> **Task objective**: Word for word, repeat the data; no picture should appear in the result.
..........
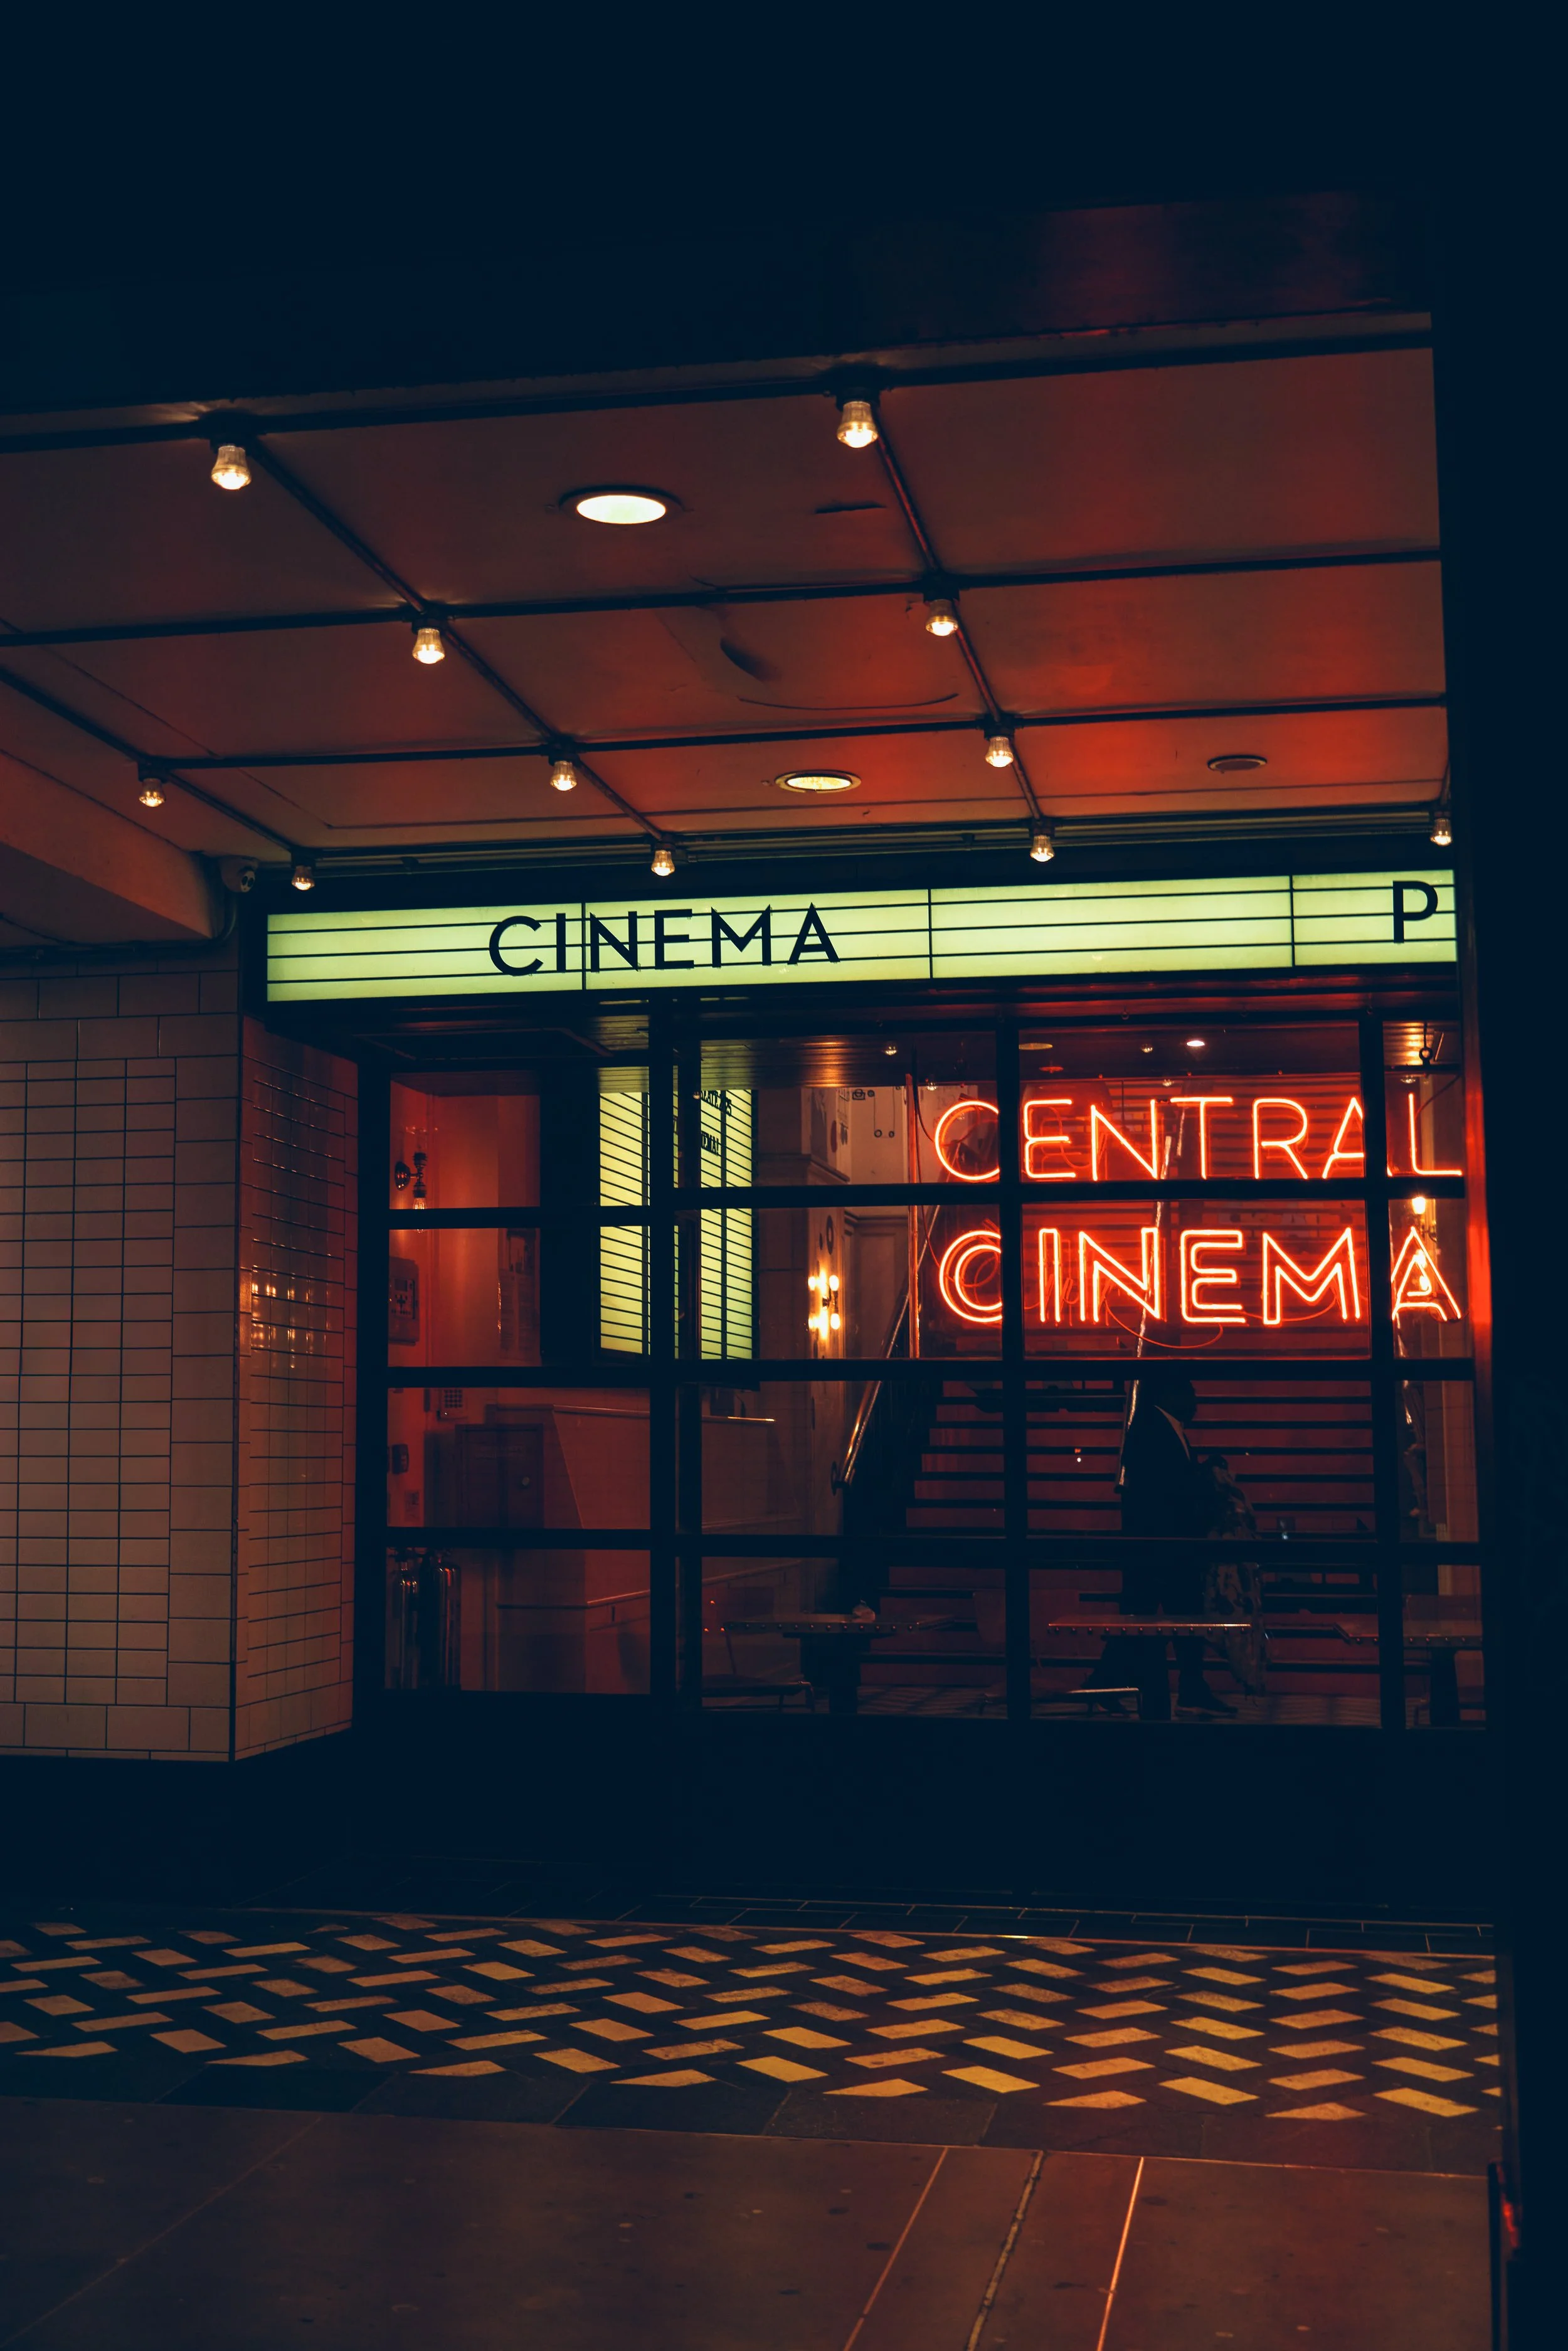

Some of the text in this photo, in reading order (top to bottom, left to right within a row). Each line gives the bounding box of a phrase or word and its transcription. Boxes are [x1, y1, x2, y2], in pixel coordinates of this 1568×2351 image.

[489, 902, 840, 976] CINEMA
[1393, 880, 1438, 943] P
[935, 1093, 1462, 1182] CENTRAL
[938, 1225, 1462, 1326] CINEMA
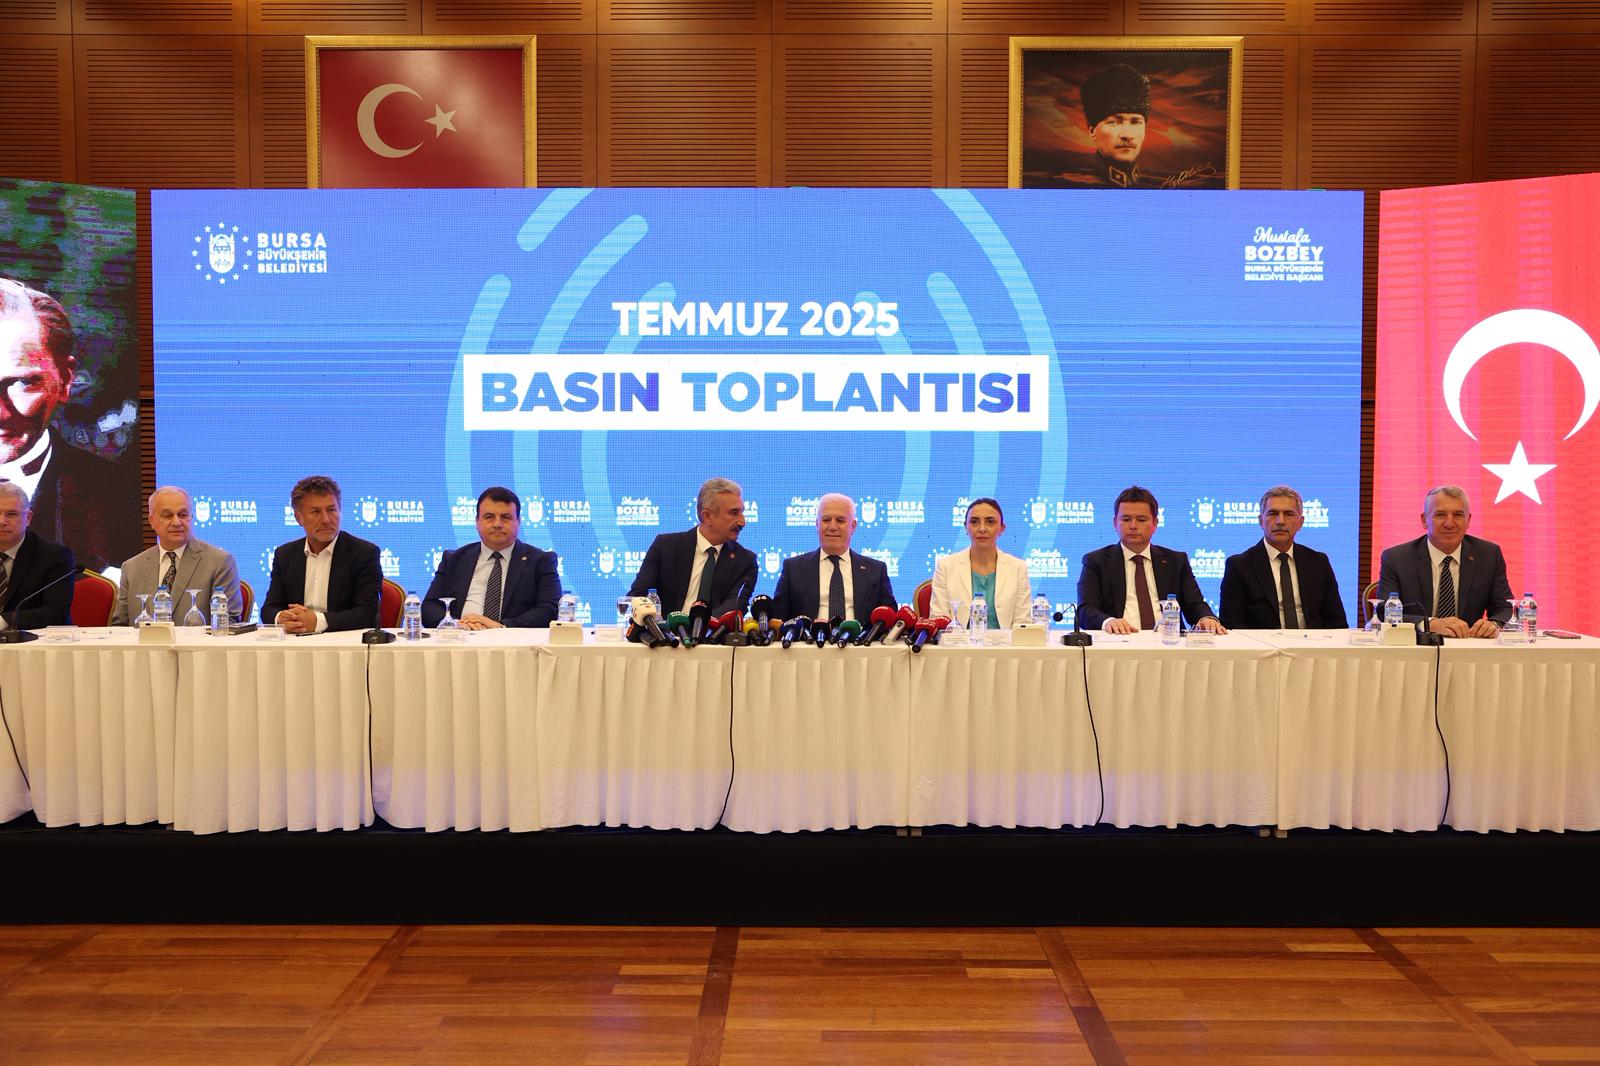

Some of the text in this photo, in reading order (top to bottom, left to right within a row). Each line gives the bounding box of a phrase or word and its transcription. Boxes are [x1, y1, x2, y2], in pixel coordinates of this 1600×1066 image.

[257, 232, 327, 248] BURSA
[1253, 226, 1311, 248] Mustafa
[257, 248, 327, 261] BÜYÜKŞEHİR
[1245, 245, 1324, 261] BOZBEY
[257, 261, 328, 273] BELEDİYESİ
[612, 302, 899, 337] TEMMUZ 2025
[481, 372, 1031, 413] BASIN TOPLANTISI
[220, 501, 257, 510] BURSA
[387, 501, 424, 510] BURSA
[553, 501, 591, 510] BURSA
[887, 501, 924, 510] BURSA
[1056, 502, 1094, 511] BURSA
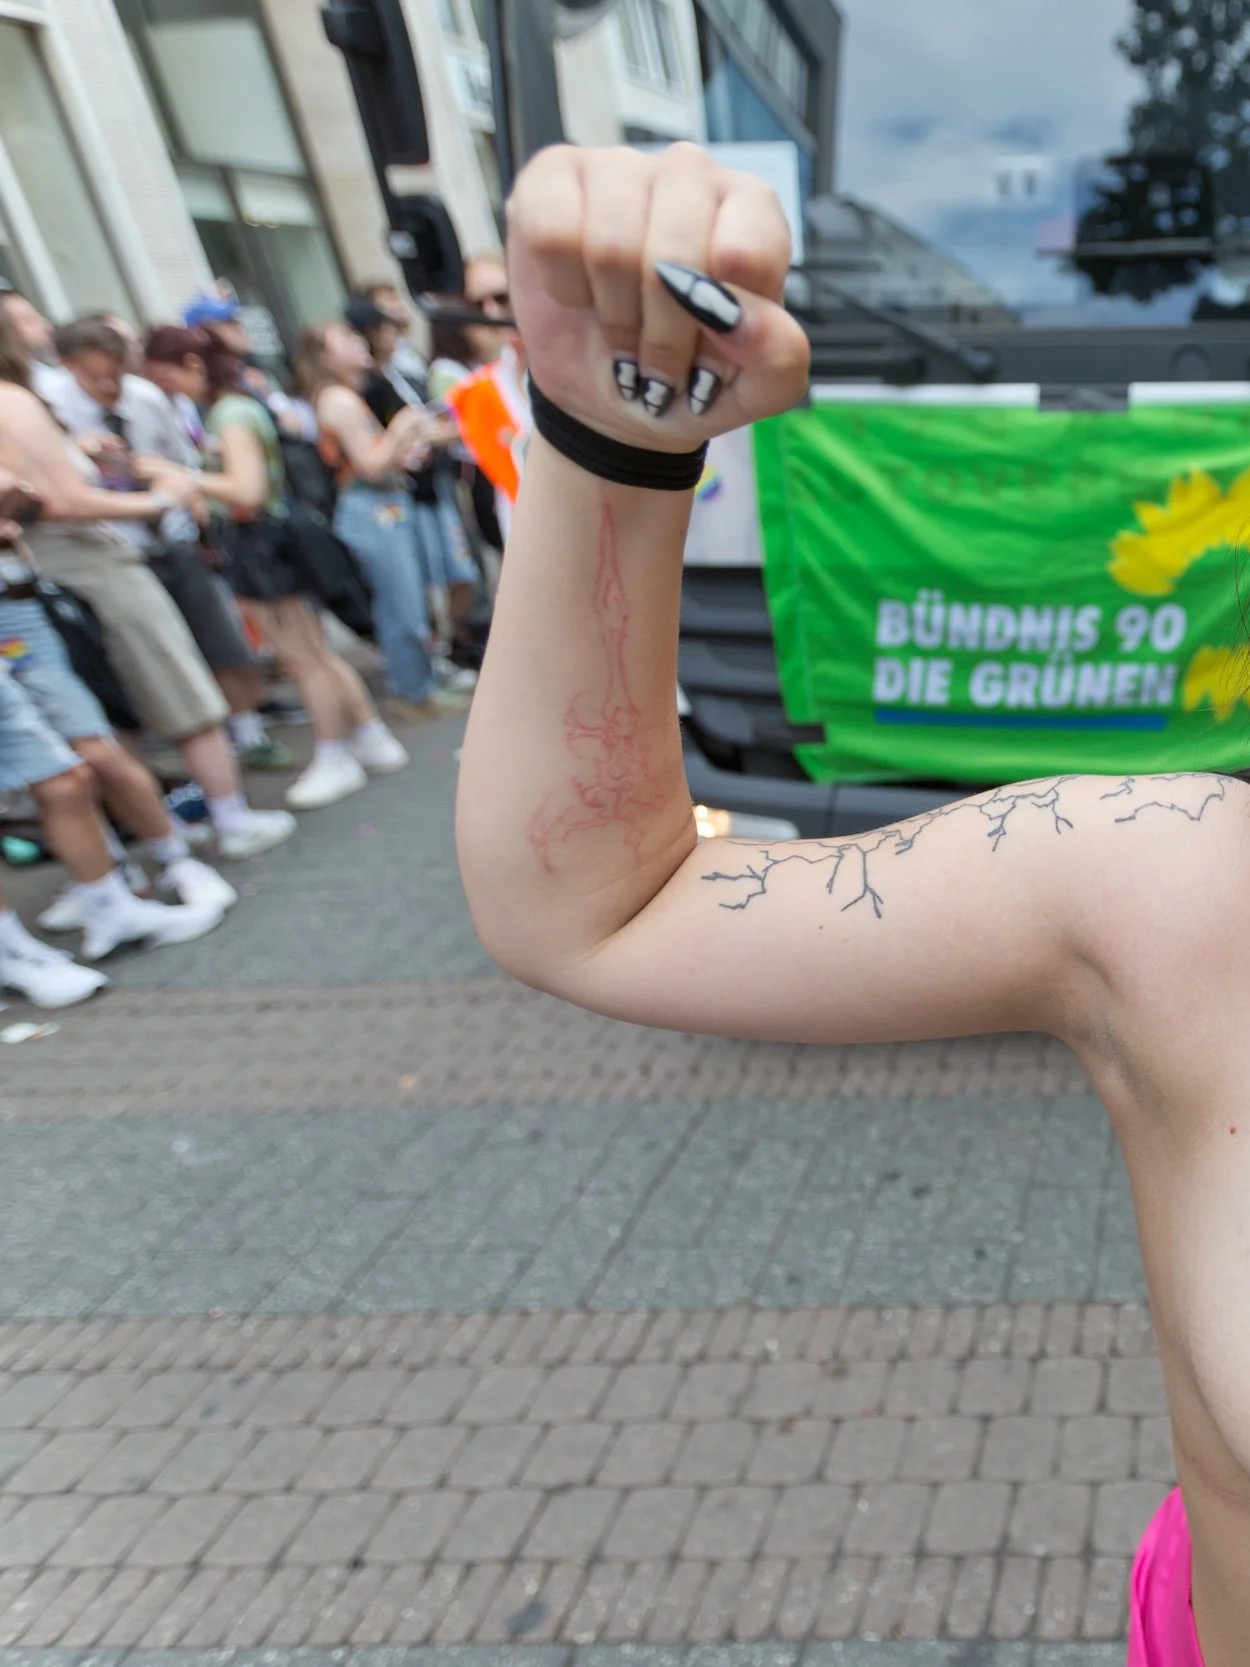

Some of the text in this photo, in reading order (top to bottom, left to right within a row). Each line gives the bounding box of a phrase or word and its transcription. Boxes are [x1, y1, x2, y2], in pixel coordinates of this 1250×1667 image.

[875, 588, 1188, 653] BÜNDNIS 90
[872, 651, 1180, 709] DIE GRÜNEN
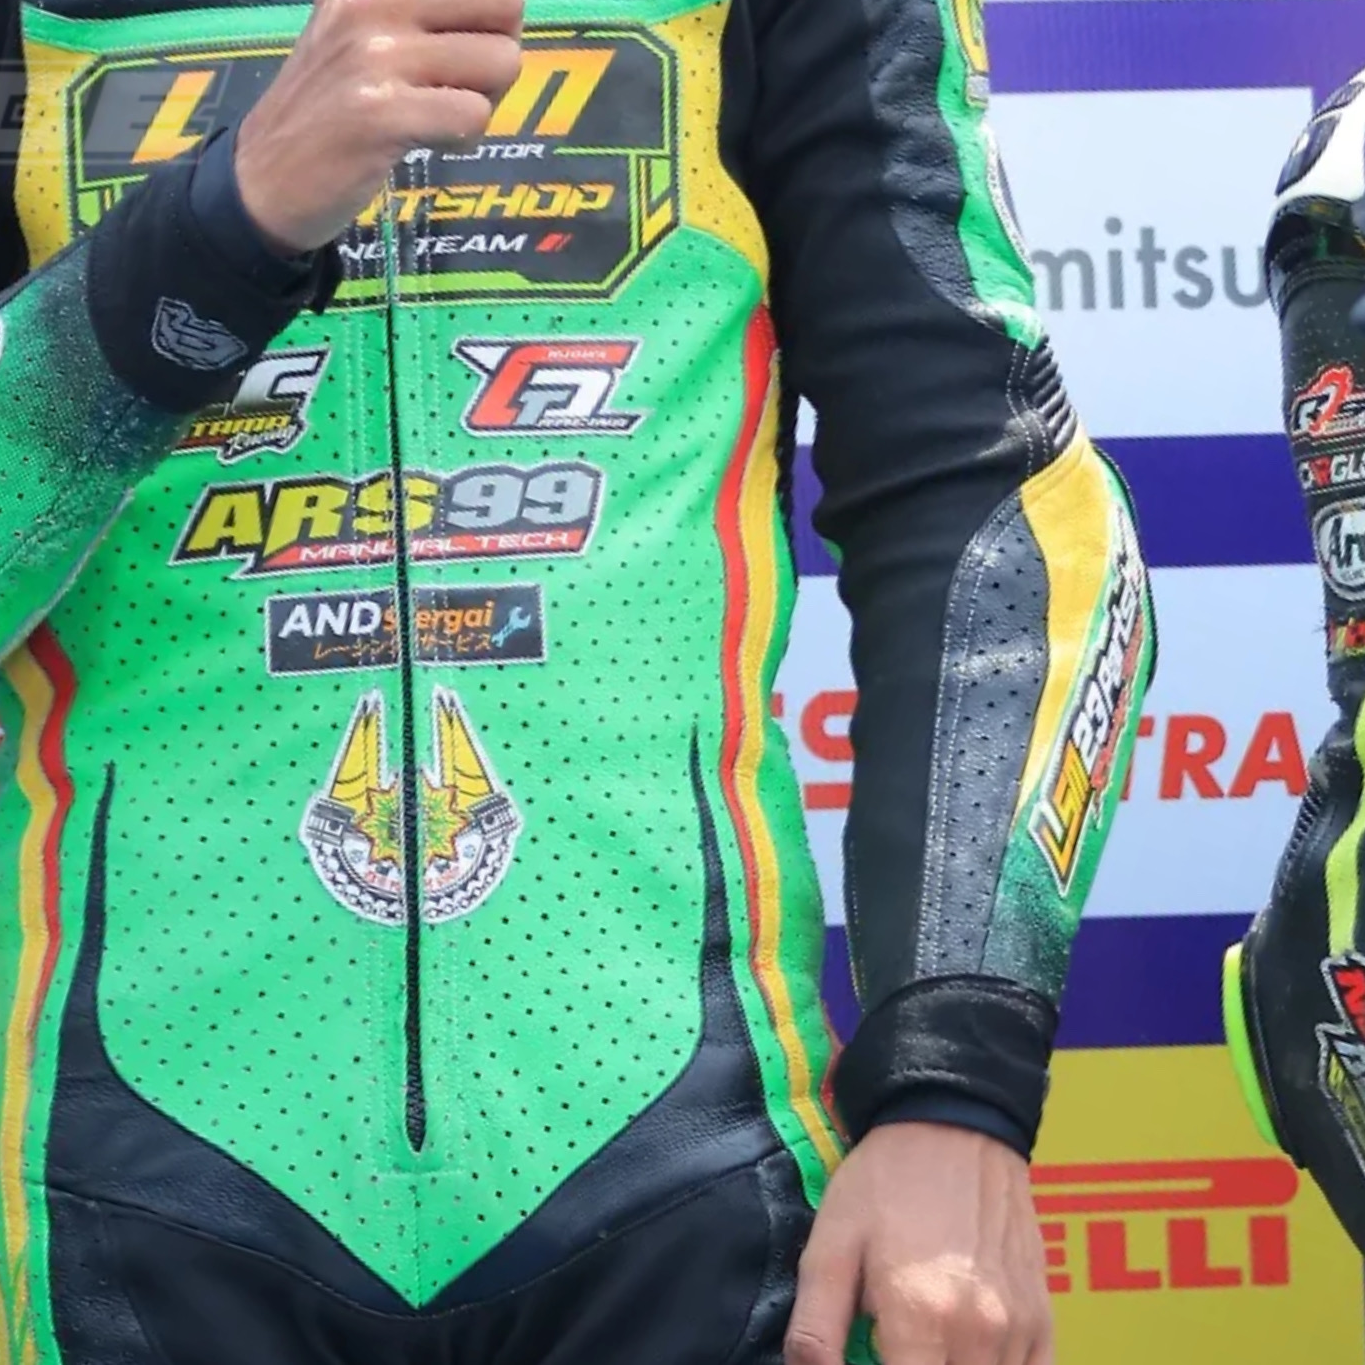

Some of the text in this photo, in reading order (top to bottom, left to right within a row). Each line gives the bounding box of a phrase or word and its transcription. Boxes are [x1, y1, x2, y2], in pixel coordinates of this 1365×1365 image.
..........
> **Completed task**:
Some of the text in this photo, in reading order (top to bottom, left to right within a row). Each line gives the bounding box of a phrase or word and its transcription. Boxes are [x1, y1, x2, y2], in pixel coordinates of this 1568×2351 image.

[489, 902, 840, 976] CINEMA
[1393, 880, 1438, 943] P
[935, 1093, 1462, 1182] CENTRAL
[938, 1225, 1462, 1326] CINEMA

Some of the text in this photo, in reading order (top to bottom, left to right within a row). Each line gives the bounding box of a phrase or word and its transcription. Boxes are [x1, y1, x2, y2], in pixel coordinates of this 1600×1066 image.

[257, 232, 327, 248] BURSA
[1253, 226, 1311, 248] Mustafa
[257, 248, 327, 261] BÜYÜKŞEHİR
[1245, 245, 1324, 261] BOZBEY
[257, 261, 328, 273] BELEDİYESİ
[612, 302, 899, 337] TEMMUZ 2025
[481, 372, 1031, 413] BASIN TOPLANTISI
[220, 501, 257, 510] BURSA
[387, 501, 424, 510] BURSA
[553, 501, 591, 510] BURSA
[887, 501, 924, 510] BURSA
[1056, 502, 1094, 511] BURSA

Some of the text in this photo, in reading order (top to bottom, left to right within a row). Each line gives the bounding box of a phrase or word and its transcription. Boxes are [x1, y1, x2, y2], in pixel coordinates of this 1250×1667 image.

[875, 588, 1188, 653] BÜNDNIS 90
[872, 651, 1180, 709] DIE GRÜNEN

Some of the text in this photo, in reading order (top to bottom, left to right within a row). Each line gives the bounding box of a phrase or word and its transcription. Boxes are [x1, y1, x2, y2], in pixel coordinates of this 1365×1365 image.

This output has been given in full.